There are many other side effects such as poor immune system and even weight gain. Some of the obvious bad sleep cycle effects include yawning, irritability, feeling sleepy and drained during the day. When you are sleep deprived, even stimulants such as caffeine may not have the effect of making you feel alert. These are some of the first signs that you may have sleep cycle issues. Your body can experience bad sleep cycle effects that are a lot more serious and potentially devastating to your mental and physical health.

The Immune System
One of the bad sleep cycle effects includes a weakened immune system. When you are asleep, your body is able to produce natural chemicals such as cytokines which fight off infection and protect the body’s cells from harm. These cytokines are used to combat infection causing viruses and bacteria in your body. Cytokines also promote better sleep. A bad sleep cycle reduces your body’s ability to fight against illness and disease, which means you become ill easier and may also take a lot longer to fight off illness.

The Respiratory System
A bad sleep cycle affects body functions such as breathing which can actually result in even more sleep deprivation. Various breathing disorders can prevent you have a full night’s rest or may cause sleep disturbances. Not sleeping well reduces your ability to fight off infection, leading to common infections such as flu, sinusitis and the common cold.

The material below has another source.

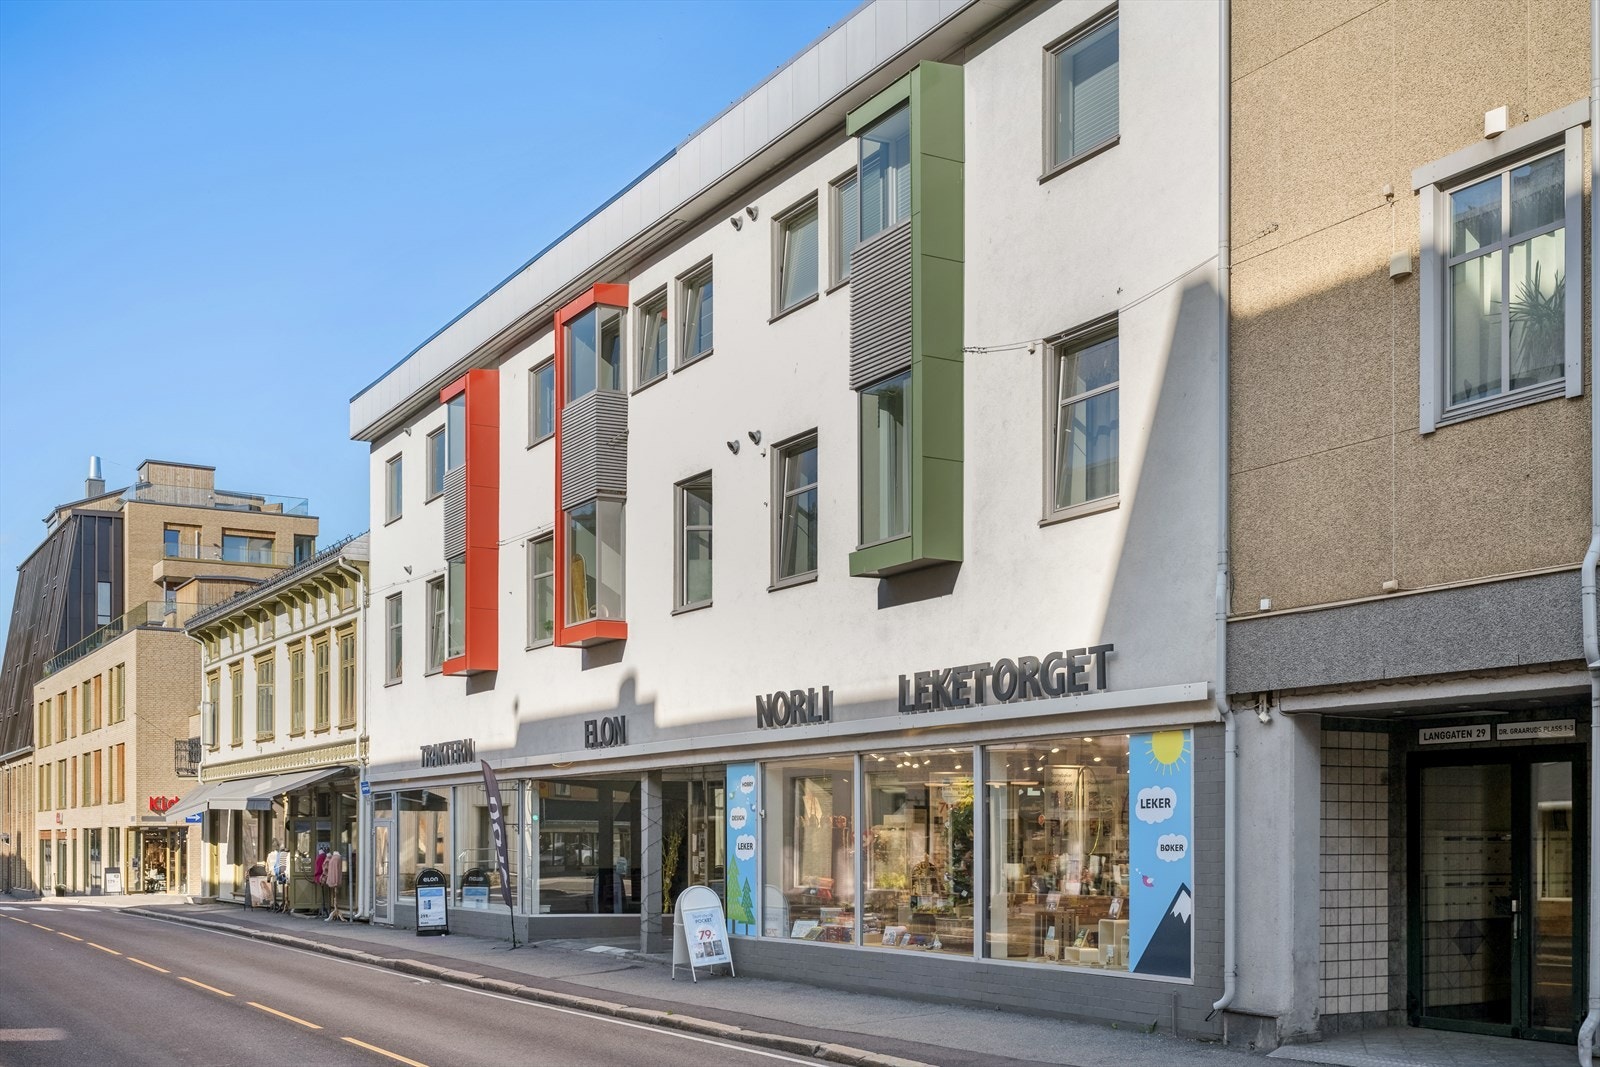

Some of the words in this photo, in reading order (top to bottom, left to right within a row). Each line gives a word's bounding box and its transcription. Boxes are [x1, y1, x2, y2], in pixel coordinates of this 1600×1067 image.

These illnesses can also cause problems with your breathing due to blocked sinus passages. If you already suffer from a respiratory condition, not getting enough sleep can also exacerbate the existing condition and perpetuate the poor sleep cycle.

The Nervous System
Your body uses the central nervous system to carry messages around the body. When you are sleeping, your body is able to form new pathways between the neurons in the brain. These pathways help you remember new information. When you are sleep deprived, your body does not function well and you may experience cognitive issues such as poor concentration and a reduced learning ability.

There may be delays in the messages sent around your body by the nervous system, which can result in poor coordination and even accidents and injuries. You may find that your moods are also affected in a negative way. You may experience mood swings, depression, paranoia, impulsive behavior, and suicidal thoughts, even if these are foreign to you usually. Sleep deprivation may also cause you to hallucinate and experience episodes of manic behavior. Your creativity is often dulled by a lack of sleep as well.

The Cardiovascular System
Your blood vessels and heart are affected by lack of sleep due to the body not being able to complete its usual processes which happen in downtime. You may experience higher inflammation levels, blood pressure fluctuations as well as problems with your blood sugar. You are also at higher risk of developing cardiovascular disease. Your body needs rest to heal and recover from the daily damage to your system. Your risk for strokes and heart attacks are greatly enhanced if you do not get the sleep your body needs.

The Digestive System
A lack of adequate sleep is a risk factor for obesity. The hormones ghrelin and leptin which help your body control your appetite are affected by a lack of sleep. This may make you feel hungry and also not realize when you are full. This may even stimulate late night eating and weight gain. Feeling fatigued and drained due to a lack of sleep may also result in less exercise, leading to an increase in body weight. Higher insulin levels may also occur if you don’t get enough sleep, which promotes fat storage as well as increasing your potential for developing type 2 diabetes.

The endocrine system
A bad sleep cycle effects hormone production. This can result in less testosterone development which can be especially worrisome to men. Growth hormone production may also be affected, resulting in problems with growth in teenagers and children with sleep problems. These hormones also assist in the repair of tissues and cell and the development of muscle tissue.

A lack of sleep or a bad sleep cycle which results in sleep deprivation can have severe effects on the body and mind. You may also experience an overall reduction in health and well-being. There are many ways to deal with sleep deprivation. You may want to discuss the problem with your medical practitioner as well as establish a bedtime routine to try and improve your sleep cycle and get your body back on track.